**Exercise inputs**

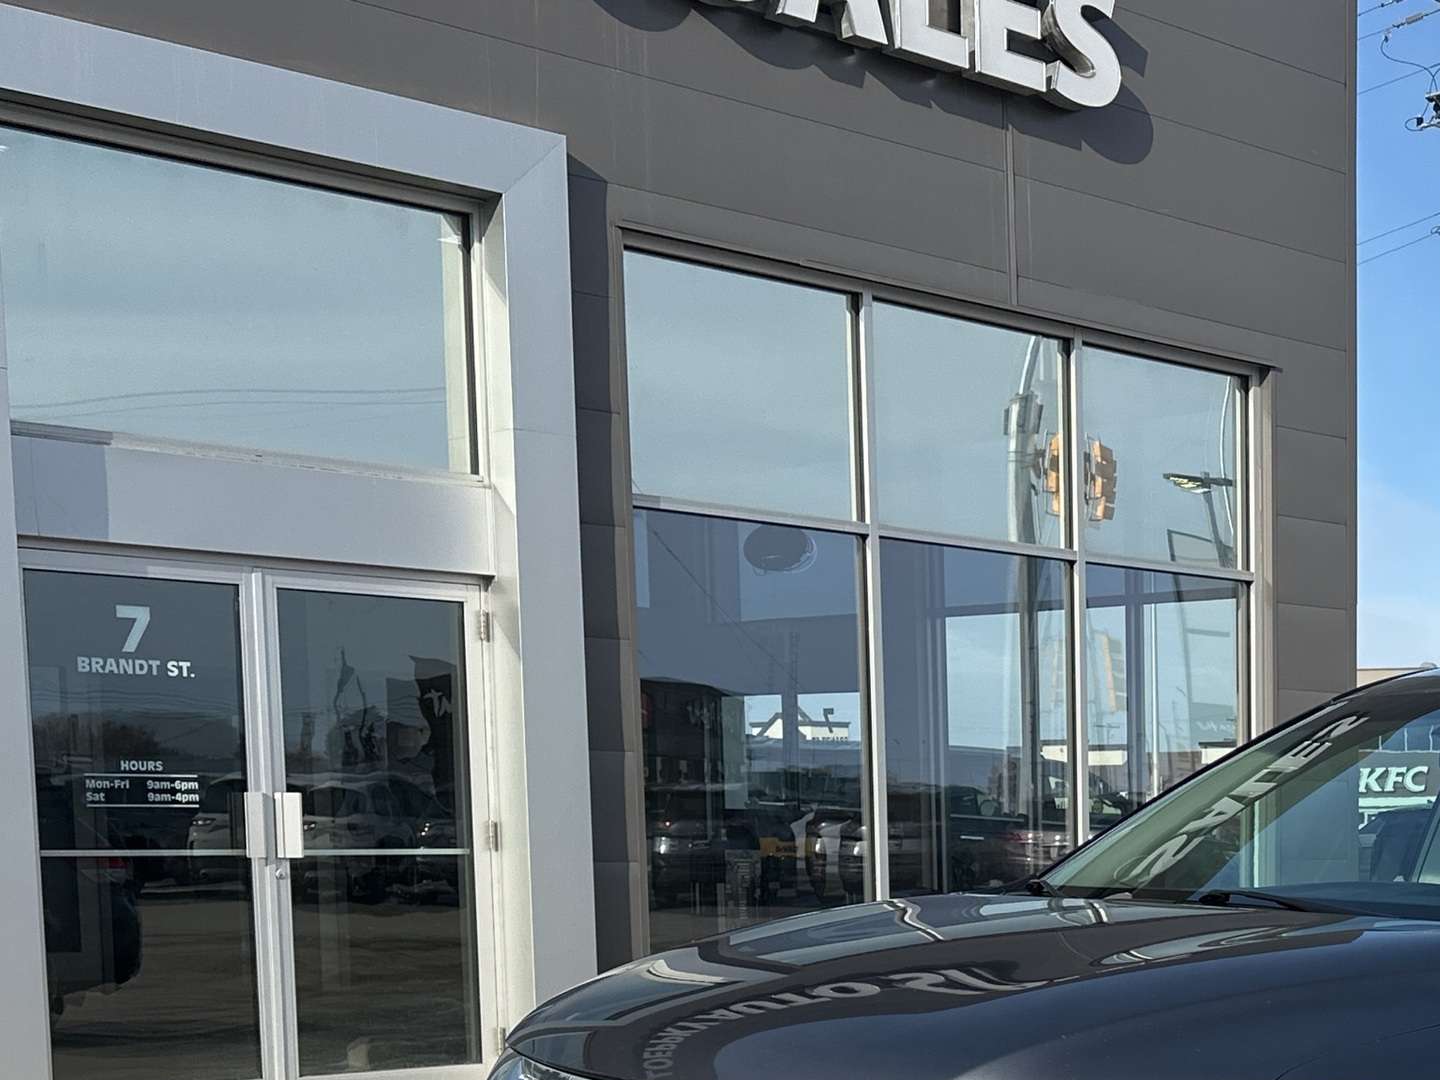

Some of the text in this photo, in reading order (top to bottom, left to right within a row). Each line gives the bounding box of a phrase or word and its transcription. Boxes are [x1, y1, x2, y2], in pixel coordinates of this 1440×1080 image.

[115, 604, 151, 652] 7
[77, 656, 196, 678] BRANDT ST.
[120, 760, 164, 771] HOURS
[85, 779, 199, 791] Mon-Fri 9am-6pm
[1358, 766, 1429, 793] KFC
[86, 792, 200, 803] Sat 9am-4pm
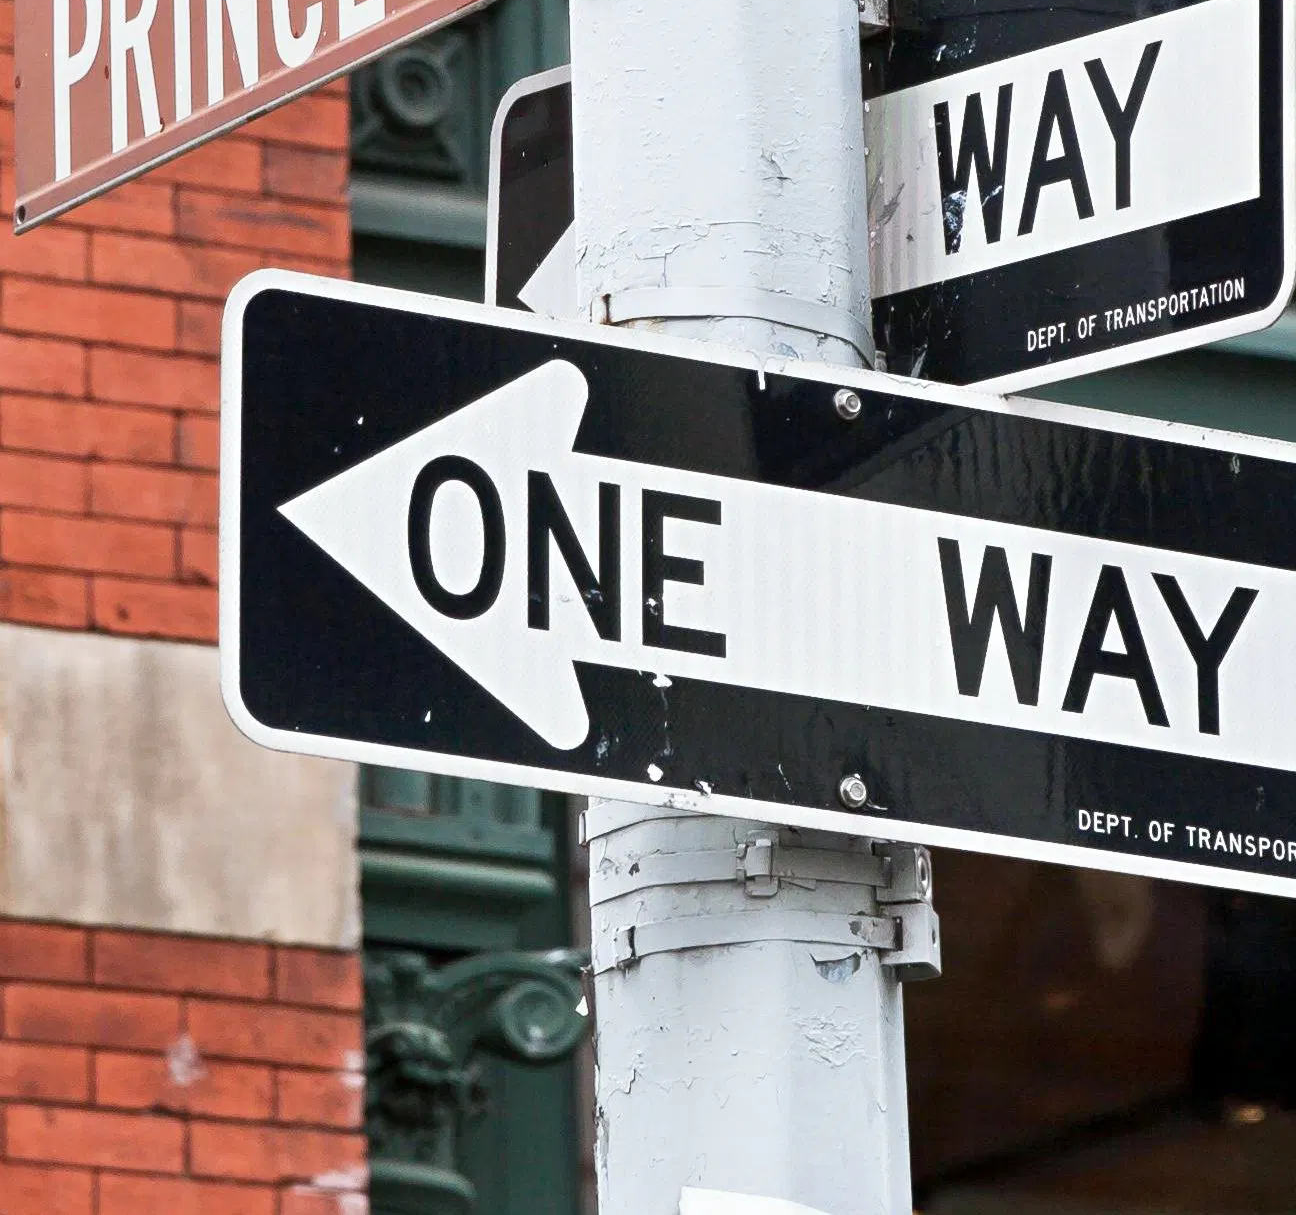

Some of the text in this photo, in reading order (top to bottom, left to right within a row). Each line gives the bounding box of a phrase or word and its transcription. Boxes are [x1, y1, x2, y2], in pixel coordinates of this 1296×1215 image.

**Task to complete**
Retype the records verbatim, but not their images.

**Result for this exercise**
Some of the text in this photo, in reading order (top to bottom, left to right within a row). Each line gives the bounding box of a phrase or word and its transcription. Boxes are [x1, y1, x2, y2], in pixel coordinates of this 1440×1080 image.

[115, 604, 151, 652] 7
[77, 656, 196, 678] BRANDT ST.
[120, 760, 164, 771] HOURS
[85, 779, 199, 791] Mon-Fri 9am-6pm
[1358, 766, 1429, 793] KFC
[86, 792, 200, 803] Sat 9am-4pm

Some of the text in this photo, in reading order (top to bottom, left to right within a row). Each line gives the bounding box of a phrase or word and its transcription. Boxes are [x1, y1, x2, y2], in pixel coordinates of this 1296×1215 image.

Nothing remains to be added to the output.